TASK TO COMPLETE ::
The full set of records below is to be reproduced without a single alteration.

* * *

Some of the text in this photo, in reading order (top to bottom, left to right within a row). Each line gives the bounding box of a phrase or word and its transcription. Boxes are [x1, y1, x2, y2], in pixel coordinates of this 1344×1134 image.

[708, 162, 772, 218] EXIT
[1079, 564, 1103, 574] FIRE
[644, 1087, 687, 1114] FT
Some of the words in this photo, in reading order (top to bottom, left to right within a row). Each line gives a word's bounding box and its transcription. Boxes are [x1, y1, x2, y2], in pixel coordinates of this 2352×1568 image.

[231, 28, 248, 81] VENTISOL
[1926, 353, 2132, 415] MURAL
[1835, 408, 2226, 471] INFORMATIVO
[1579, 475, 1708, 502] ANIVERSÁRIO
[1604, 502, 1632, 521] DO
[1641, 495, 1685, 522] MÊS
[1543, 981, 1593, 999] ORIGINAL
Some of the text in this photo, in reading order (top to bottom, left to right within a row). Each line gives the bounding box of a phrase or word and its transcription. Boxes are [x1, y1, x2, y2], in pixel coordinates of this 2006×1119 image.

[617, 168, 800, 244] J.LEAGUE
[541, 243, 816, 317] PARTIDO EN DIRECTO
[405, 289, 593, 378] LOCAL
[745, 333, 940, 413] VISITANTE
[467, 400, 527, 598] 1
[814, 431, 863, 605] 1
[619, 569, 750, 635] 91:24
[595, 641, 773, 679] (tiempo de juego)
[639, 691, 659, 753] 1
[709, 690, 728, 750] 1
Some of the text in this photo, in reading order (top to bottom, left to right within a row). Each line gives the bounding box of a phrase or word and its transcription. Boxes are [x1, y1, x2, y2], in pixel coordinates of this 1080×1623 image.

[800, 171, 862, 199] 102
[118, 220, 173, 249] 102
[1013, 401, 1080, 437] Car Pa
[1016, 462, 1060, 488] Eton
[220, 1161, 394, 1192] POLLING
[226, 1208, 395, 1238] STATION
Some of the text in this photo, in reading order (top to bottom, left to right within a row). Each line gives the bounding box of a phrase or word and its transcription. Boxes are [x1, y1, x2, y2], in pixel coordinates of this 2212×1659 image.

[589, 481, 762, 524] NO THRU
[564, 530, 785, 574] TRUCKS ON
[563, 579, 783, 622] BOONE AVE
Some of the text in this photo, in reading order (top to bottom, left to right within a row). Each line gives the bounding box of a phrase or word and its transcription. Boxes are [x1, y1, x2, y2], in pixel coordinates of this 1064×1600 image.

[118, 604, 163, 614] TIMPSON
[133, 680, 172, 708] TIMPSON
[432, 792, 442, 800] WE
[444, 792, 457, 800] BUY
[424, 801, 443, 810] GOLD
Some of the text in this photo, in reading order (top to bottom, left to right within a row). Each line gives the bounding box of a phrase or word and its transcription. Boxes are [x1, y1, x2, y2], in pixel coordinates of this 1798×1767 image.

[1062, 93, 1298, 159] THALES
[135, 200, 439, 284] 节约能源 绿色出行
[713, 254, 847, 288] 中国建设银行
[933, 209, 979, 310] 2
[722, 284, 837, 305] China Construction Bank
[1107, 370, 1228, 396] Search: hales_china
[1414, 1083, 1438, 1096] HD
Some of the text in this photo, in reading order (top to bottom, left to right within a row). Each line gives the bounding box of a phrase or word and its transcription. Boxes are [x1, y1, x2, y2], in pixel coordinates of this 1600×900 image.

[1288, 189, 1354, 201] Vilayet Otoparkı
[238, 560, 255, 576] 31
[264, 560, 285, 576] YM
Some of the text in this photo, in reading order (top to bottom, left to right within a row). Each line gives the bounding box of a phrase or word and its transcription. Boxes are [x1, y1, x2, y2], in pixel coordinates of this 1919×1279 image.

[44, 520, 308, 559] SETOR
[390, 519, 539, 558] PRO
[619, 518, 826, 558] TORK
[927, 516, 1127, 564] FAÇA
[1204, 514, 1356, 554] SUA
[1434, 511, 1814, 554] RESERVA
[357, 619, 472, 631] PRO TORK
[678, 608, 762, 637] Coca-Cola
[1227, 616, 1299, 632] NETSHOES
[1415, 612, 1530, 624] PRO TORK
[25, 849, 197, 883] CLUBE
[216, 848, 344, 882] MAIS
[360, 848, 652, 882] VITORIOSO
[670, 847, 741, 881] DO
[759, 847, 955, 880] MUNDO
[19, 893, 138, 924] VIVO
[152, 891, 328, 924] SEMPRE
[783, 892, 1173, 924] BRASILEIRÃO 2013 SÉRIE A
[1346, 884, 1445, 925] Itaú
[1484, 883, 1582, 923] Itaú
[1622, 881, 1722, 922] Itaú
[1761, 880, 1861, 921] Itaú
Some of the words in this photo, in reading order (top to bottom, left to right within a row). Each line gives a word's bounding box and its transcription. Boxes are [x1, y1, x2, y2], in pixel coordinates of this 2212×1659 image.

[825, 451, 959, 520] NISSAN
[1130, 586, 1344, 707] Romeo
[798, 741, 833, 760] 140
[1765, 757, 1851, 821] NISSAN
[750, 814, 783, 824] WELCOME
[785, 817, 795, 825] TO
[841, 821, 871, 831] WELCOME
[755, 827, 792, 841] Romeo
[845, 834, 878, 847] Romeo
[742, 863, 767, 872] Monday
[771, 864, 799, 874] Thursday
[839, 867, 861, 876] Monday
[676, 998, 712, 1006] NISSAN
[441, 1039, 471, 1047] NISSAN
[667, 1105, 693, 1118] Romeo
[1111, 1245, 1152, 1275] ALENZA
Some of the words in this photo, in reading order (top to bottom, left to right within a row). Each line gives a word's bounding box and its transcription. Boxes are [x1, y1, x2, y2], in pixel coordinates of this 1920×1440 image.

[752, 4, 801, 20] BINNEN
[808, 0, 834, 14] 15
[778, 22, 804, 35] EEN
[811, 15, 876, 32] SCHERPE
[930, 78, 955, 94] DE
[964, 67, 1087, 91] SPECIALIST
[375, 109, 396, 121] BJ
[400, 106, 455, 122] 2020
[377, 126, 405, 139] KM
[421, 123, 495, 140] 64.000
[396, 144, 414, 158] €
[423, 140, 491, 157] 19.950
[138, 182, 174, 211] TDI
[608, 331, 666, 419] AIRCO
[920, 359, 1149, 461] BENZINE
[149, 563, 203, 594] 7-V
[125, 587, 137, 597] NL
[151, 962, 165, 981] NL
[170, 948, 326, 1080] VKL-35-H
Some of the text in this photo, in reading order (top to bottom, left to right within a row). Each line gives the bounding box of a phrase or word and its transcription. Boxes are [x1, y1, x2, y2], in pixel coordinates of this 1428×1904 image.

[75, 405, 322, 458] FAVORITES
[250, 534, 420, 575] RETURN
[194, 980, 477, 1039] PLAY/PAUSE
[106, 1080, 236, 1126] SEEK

* * *

SOLUTION TO THIS PROBLEM ::
Some of the text in this photo, in reading order (top to bottom, left to right within a row). Each line gives the bounding box of a phrase or word and its transcription. Boxes are [x1, y1, x2, y2], in pixel coordinates of this 1344×1134 image.

[708, 162, 772, 218] EXIT
[1079, 564, 1103, 574] FIRE
[644, 1087, 687, 1114] FT
Some of the words in this photo, in reading order (top to bottom, left to right within a row). Each line gives a word's bounding box and its transcription. Boxes are [x1, y1, x2, y2], in pixel coordinates of this 2352×1568 image.

[231, 28, 248, 81] VENTISOL
[1926, 353, 2132, 415] MURAL
[1835, 408, 2226, 471] INFORMATIVO
[1579, 475, 1708, 502] ANIVERSÁRIO
[1604, 502, 1632, 521] DO
[1641, 495, 1685, 522] MÊS
[1543, 981, 1593, 999] ORIGINAL
Some of the text in this photo, in reading order (top to bottom, left to right within a row). Each line gives the bounding box of a phrase or word and its transcription. Boxes are [x1, y1, x2, y2], in pixel coordinates of this 2006×1119 image.

[617, 168, 800, 244] J.LEAGUE
[541, 243, 816, 317] PARTIDO EN DIRECTO
[405, 289, 593, 378] LOCAL
[745, 333, 940, 413] VISITANTE
[467, 400, 527, 598] 1
[814, 431, 863, 605] 1
[619, 569, 750, 635] 91:24
[595, 641, 773, 679] (tiempo de juego)
[639, 691, 659, 753] 1
[709, 690, 728, 750] 1
Some of the text in this photo, in reading order (top to bottom, left to right within a row). Each line gives the bounding box of a phrase or word and its transcription. Boxes are [x1, y1, x2, y2], in pixel coordinates of this 1080×1623 image.

[800, 171, 862, 199] 102
[118, 220, 173, 249] 102
[1013, 401, 1080, 437] Car Pa
[1016, 462, 1060, 488] Eton
[220, 1161, 394, 1192] POLLING
[226, 1208, 395, 1238] STATION
Some of the text in this photo, in reading order (top to bottom, left to right within a row). Each line gives the bounding box of a phrase or word and its transcription. Boxes are [x1, y1, x2, y2], in pixel coordinates of this 2212×1659 image.

[589, 481, 762, 524] NO THRU
[564, 530, 785, 574] TRUCKS ON
[563, 579, 783, 622] BOONE AVE
Some of the text in this photo, in reading order (top to bottom, left to right within a row). Each line gives the bounding box of a phrase or word and its transcription. Boxes are [x1, y1, x2, y2], in pixel coordinates of this 1064×1600 image.

[118, 604, 163, 614] TIMPSON
[133, 680, 172, 708] TIMPSON
[432, 792, 442, 800] WE
[444, 792, 457, 800] BUY
[424, 801, 443, 810] GOLD
Some of the text in this photo, in reading order (top to bottom, left to right within a row). Each line gives the bounding box of a phrase or word and its transcription. Boxes are [x1, y1, x2, y2], in pixel coordinates of this 1798×1767 image.

[1062, 93, 1298, 159] THALES
[135, 200, 439, 284] 节约能源 绿色出行
[713, 254, 847, 288] 中国建设银行
[933, 209, 979, 310] 2
[722, 284, 837, 305] China Construction Bank
[1107, 370, 1228, 396] Search: hales_china
[1414, 1083, 1438, 1096] HD
Some of the text in this photo, in reading order (top to bottom, left to right within a row). Each line gives the bounding box of a phrase or word and its transcription. Boxes are [x1, y1, x2, y2], in pixel coordinates of this 1600×900 image.

[1288, 189, 1354, 201] Vilayet Otoparkı
[238, 560, 255, 576] 31
[264, 560, 285, 576] YM
Some of the text in this photo, in reading order (top to bottom, left to right within a row). Each line gives the bounding box of a phrase or word and its transcription. Boxes are [x1, y1, x2, y2], in pixel coordinates of this 1919×1279 image.

[44, 520, 308, 559] SETOR
[390, 519, 539, 558] PRO
[619, 518, 826, 558] TORK
[927, 516, 1127, 564] FAÇA
[1204, 514, 1356, 554] SUA
[1434, 511, 1814, 554] RESERVA
[357, 619, 472, 631] PRO TORK
[678, 608, 762, 637] Coca-Cola
[1227, 616, 1299, 632] NETSHOES
[1415, 612, 1530, 624] PRO TORK
[25, 849, 197, 883] CLUBE
[216, 848, 344, 882] MAIS
[360, 848, 652, 882] VITORIOSO
[670, 847, 741, 881] DO
[759, 847, 955, 880] MUNDO
[19, 893, 138, 924] VIVO
[152, 891, 328, 924] SEMPRE
[783, 892, 1173, 924] BRASILEIRÃO 2013 SÉRIE A
[1346, 884, 1445, 925] Itaú
[1484, 883, 1582, 923] Itaú
[1622, 881, 1722, 922] Itaú
[1761, 880, 1861, 921] Itaú
Some of the words in this photo, in reading order (top to bottom, left to right within a row). Each line gives a word's bounding box and its transcription. Boxes are [x1, y1, x2, y2], in pixel coordinates of this 2212×1659 image.

[825, 451, 959, 520] NISSAN
[1130, 586, 1344, 707] Romeo
[798, 741, 833, 760] 140
[1765, 757, 1851, 821] NISSAN
[750, 814, 783, 824] WELCOME
[785, 817, 795, 825] TO
[841, 821, 871, 831] WELCOME
[755, 827, 792, 841] Romeo
[845, 834, 878, 847] Romeo
[742, 863, 767, 872] Monday
[771, 864, 799, 874] Thursday
[839, 867, 861, 876] Monday
[676, 998, 712, 1006] NISSAN
[441, 1039, 471, 1047] NISSAN
[667, 1105, 693, 1118] Romeo
[1111, 1245, 1152, 1275] ALENZA
Some of the words in this photo, in reading order (top to bottom, left to right within a row). Each line gives a word's bounding box and its transcription. Boxes are [x1, y1, x2, y2], in pixel coordinates of this 1920×1440 image.

[752, 4, 801, 20] BINNEN
[808, 0, 834, 14] 15
[778, 22, 804, 35] EEN
[811, 15, 876, 32] SCHERPE
[930, 78, 955, 94] DE
[964, 67, 1087, 91] SPECIALIST
[375, 109, 396, 121] BJ
[400, 106, 455, 122] 2020
[377, 126, 405, 139] KM
[421, 123, 495, 140] 64.000
[396, 144, 414, 158] €
[423, 140, 491, 157] 19.950
[138, 182, 174, 211] TDI
[608, 331, 666, 419] AIRCO
[920, 359, 1149, 461] BENZINE
[149, 563, 203, 594] 7-V
[125, 587, 137, 597] NL
[151, 962, 165, 981] NL
[170, 948, 326, 1080] VKL-35-H
Some of the text in this photo, in reading order (top to bottom, left to right within a row). Each line gives the bounding box of a phrase or word and its transcription. Boxes are [x1, y1, x2, y2], in pixel coordinates of this 1428×1904 image.

[75, 405, 322, 458] FAVORITES
[250, 534, 420, 575] RETURN
[194, 980, 477, 1039] PLAY/PAUSE
[106, 1080, 236, 1126] SEEK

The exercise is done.